In sella alla bici per chiedere più sicurezza
Una trentina di ciclisti ha percorso le strade del centro storico di Ferrara nella tarda mattinata di sabato scorso, partendo…
Una trentina di ciclisti ha percorso le strade del centro storico di Ferrara nella tarda mattinata di sabato scorso, partendo dal Torrione di Porta Mare. Indossavano pettorine catarifrangenti con vari slogan come: “Più Bici – Meno Auto -Meno Smog – Più Salute”. L’iniziativa, promossa da Caldirolo Libera, Fiab e Forum Ferrara Partecipata, rientra nelle periodiche biciclettate iniziate nel 2023, con l’obiettivo di mantenere alta l’attenzione sui ritardi nell’applicazione del Piano per la Mobilità Sostenibile (PUMS) e sull’allarmante tasso di incidentalità e mortalità stradale in città. Nonostante una percepita, seppur lenta, evoluzione nel comportamento degli utenti della strada e gli investimenti in alcune infrastrutture ciclabili, le statistiche e la cronaca continuano a riportare un numero inaccettabile di incidenti e investimenti di pedoni e ciclisti, anche sulle strisce pedonali.
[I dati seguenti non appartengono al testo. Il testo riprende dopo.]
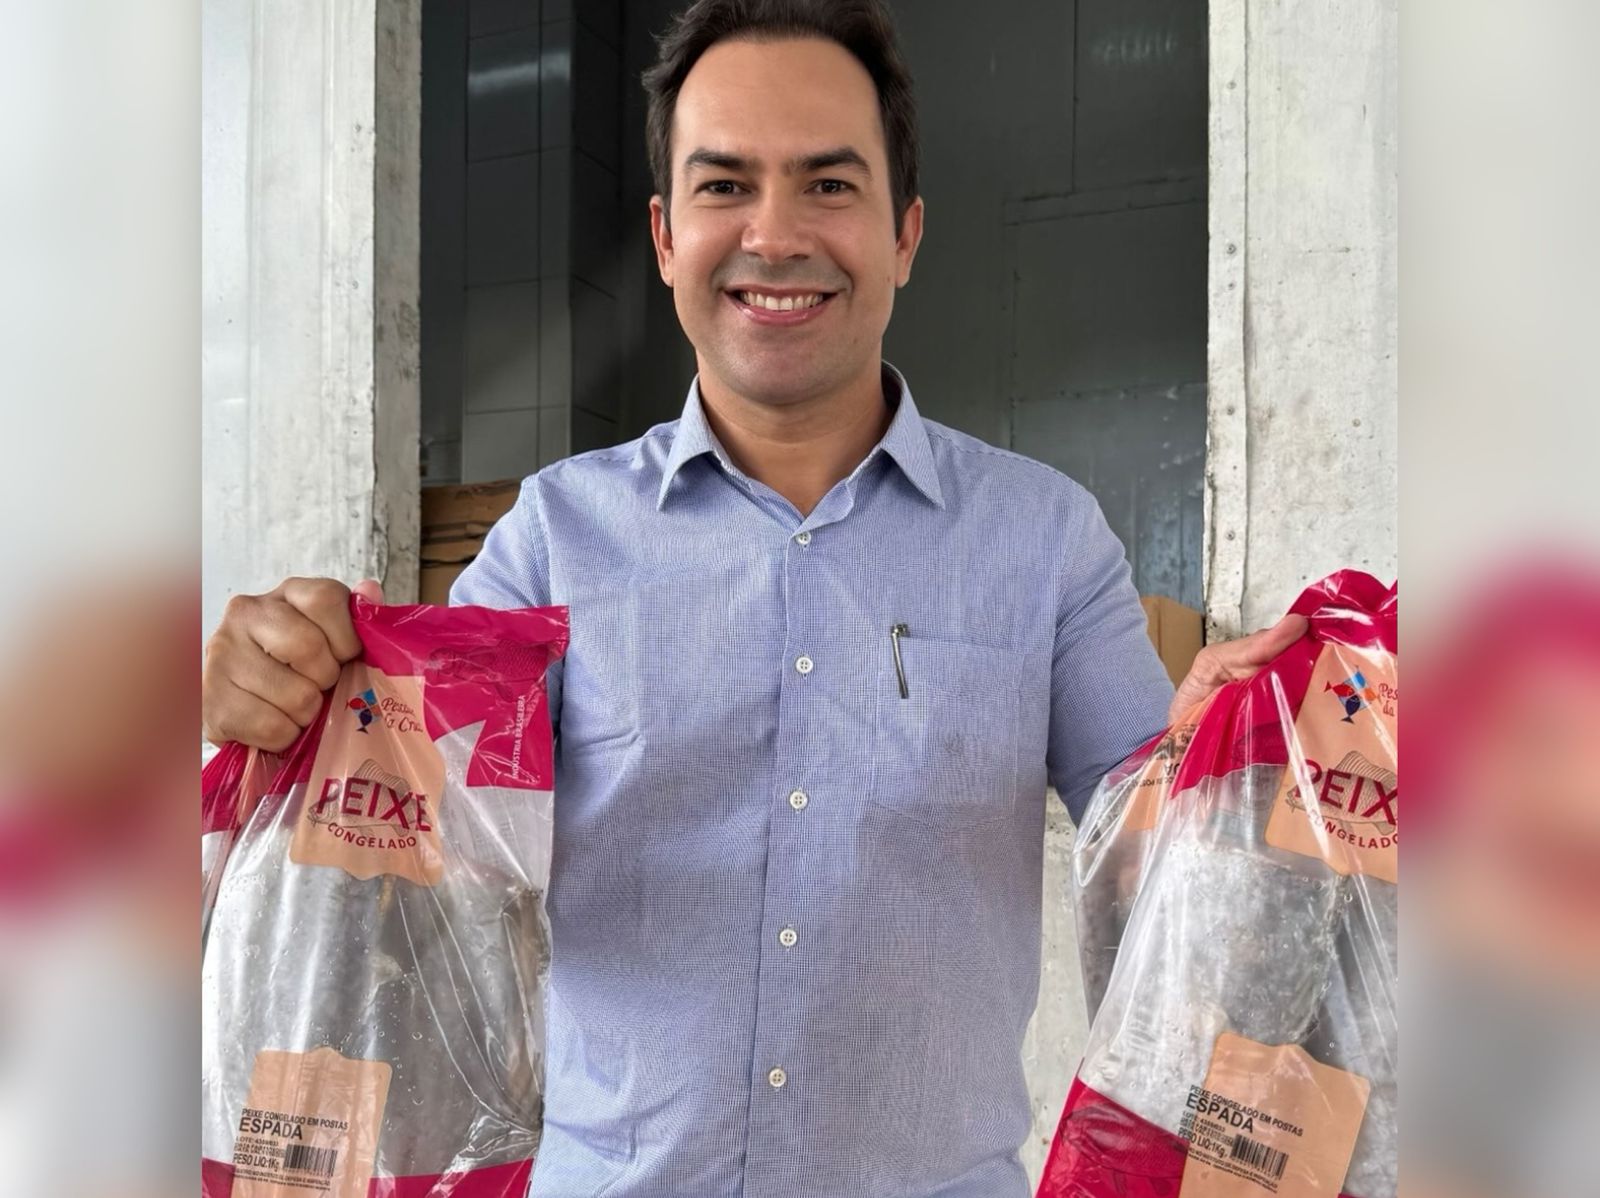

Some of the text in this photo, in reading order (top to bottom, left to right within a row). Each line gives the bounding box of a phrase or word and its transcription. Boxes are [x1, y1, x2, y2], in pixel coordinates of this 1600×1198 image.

[316, 777, 432, 832] PEIXE
[327, 822, 417, 849] CONGELADO
[241, 1108, 349, 1130] PEIXE CONGELADO EM POSTAS
[1186, 1093, 1254, 1134] ESPADA
[1189, 1084, 1304, 1137] PEIXE CONGELADO EM POSTAS
[239, 1118, 303, 1140] ESPADA
[232, 1153, 253, 1165] PESO
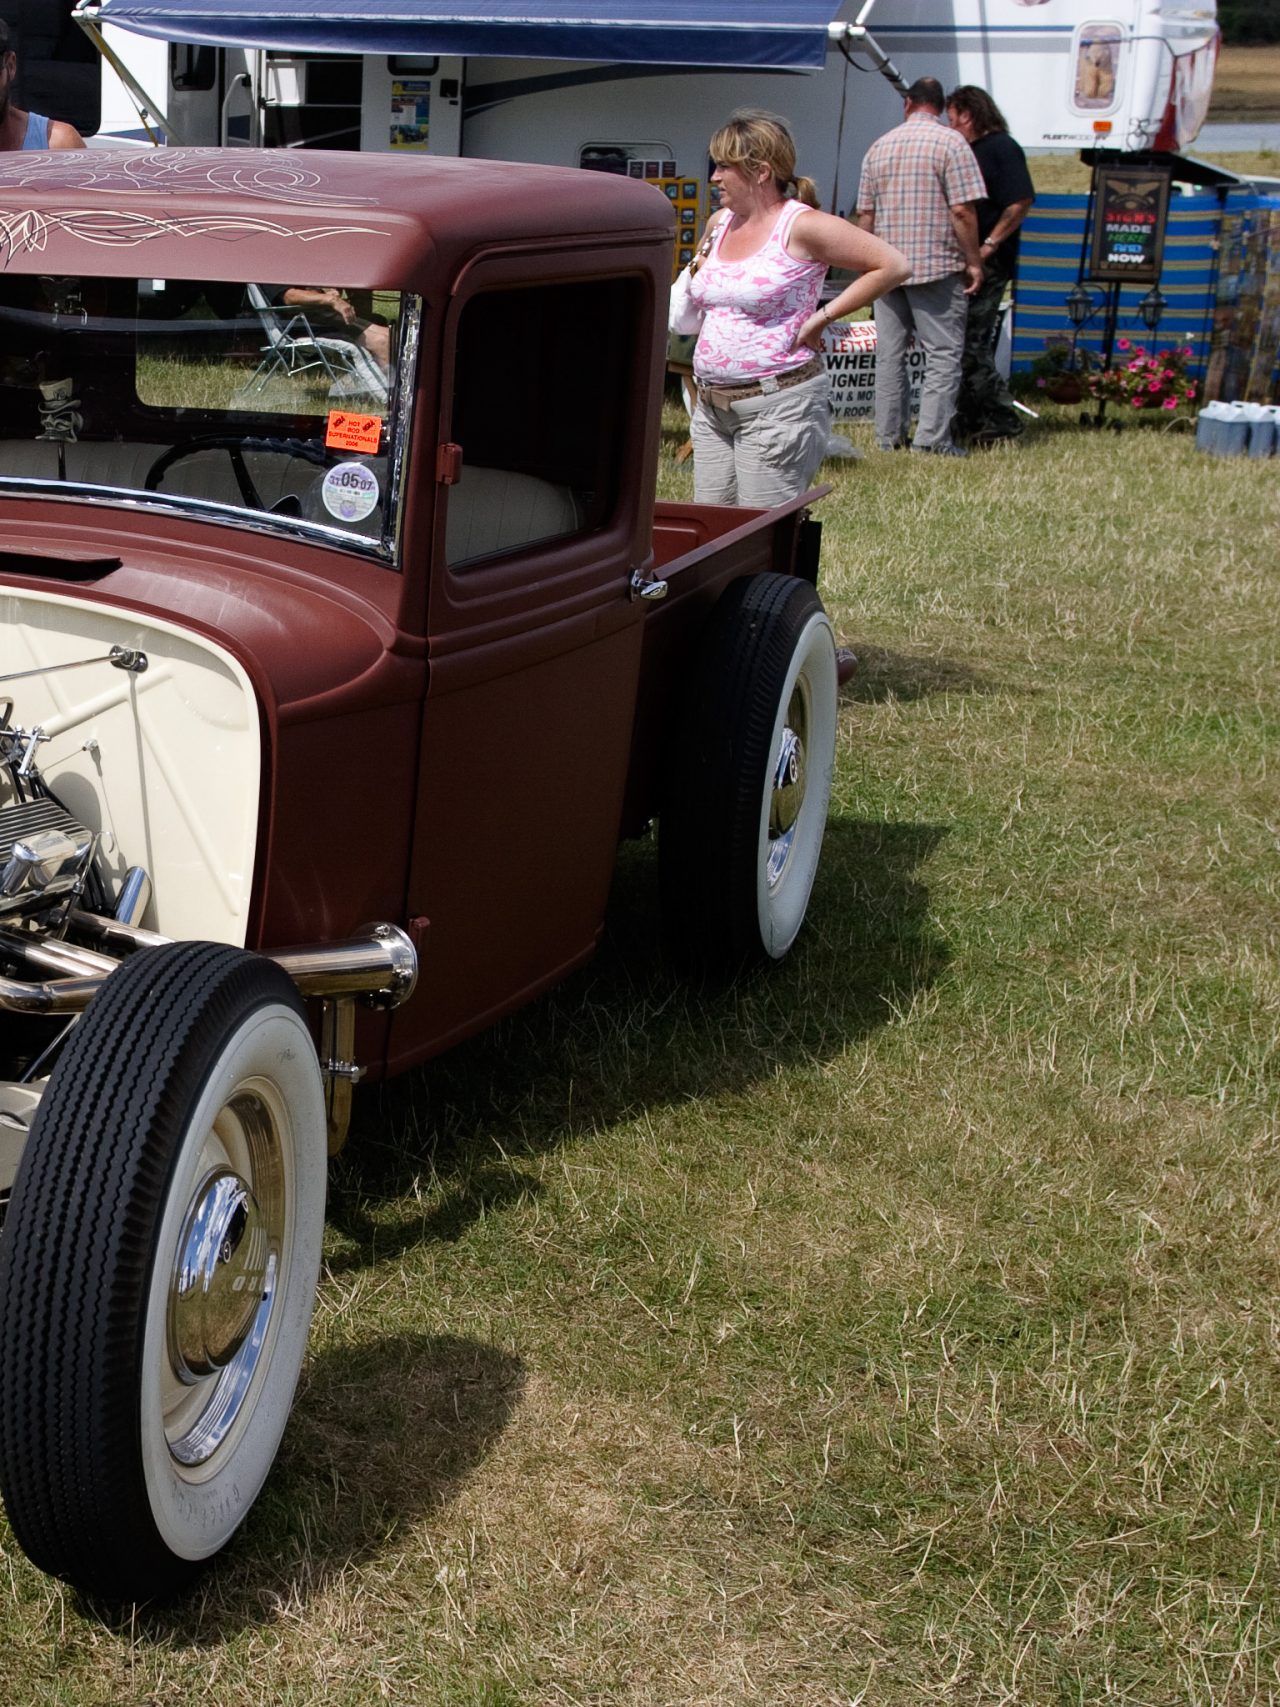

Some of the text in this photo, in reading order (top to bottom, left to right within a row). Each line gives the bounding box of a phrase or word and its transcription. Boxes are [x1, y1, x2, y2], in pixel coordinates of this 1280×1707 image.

[1106, 223, 1152, 233] MADE
[1108, 233, 1147, 243] HERE
[1108, 253, 1145, 263] NOW
[844, 406, 872, 417] ROOF
[341, 472, 360, 488] 05
[360, 480, 374, 491] 07
Un dato inaccettabile, sottolineano gli organizzatori, per una città che si è autoproclamata “città delle biciclette”. Il percorso della protesta, lento e rumoroso, ha toccato arterie chiave come corso di Porta Mare fino a Porta Po, via Arianova, via Belvedere, e via Ariosto. Molte di queste strade, evidenziano gli attivisti, sono prive persino delle “piste ciclabili emergenziali” (quelle delimitate unicamente da vernice sulla carreggiata) e, in alcuni casi, si trasformano in nodi di traffico intenso negli orari di ingresso e uscita dalle scuole. “Queste vie avrebbero dovuto essere considerate ‘strade scolastiche’ nel PUMS, con chiare limitazioni al traffico e al parcheggio,” si legge in una nota congiunta. “Queste biciclettate servono a ricordare alla nostra amministrazione che esiste un problema concreto di mobilità sostenibile, inquinamento da traffico e, soprattutto, di sicurezza stradale, che deve essere affrontato e risolto senza ulteriori indugi”.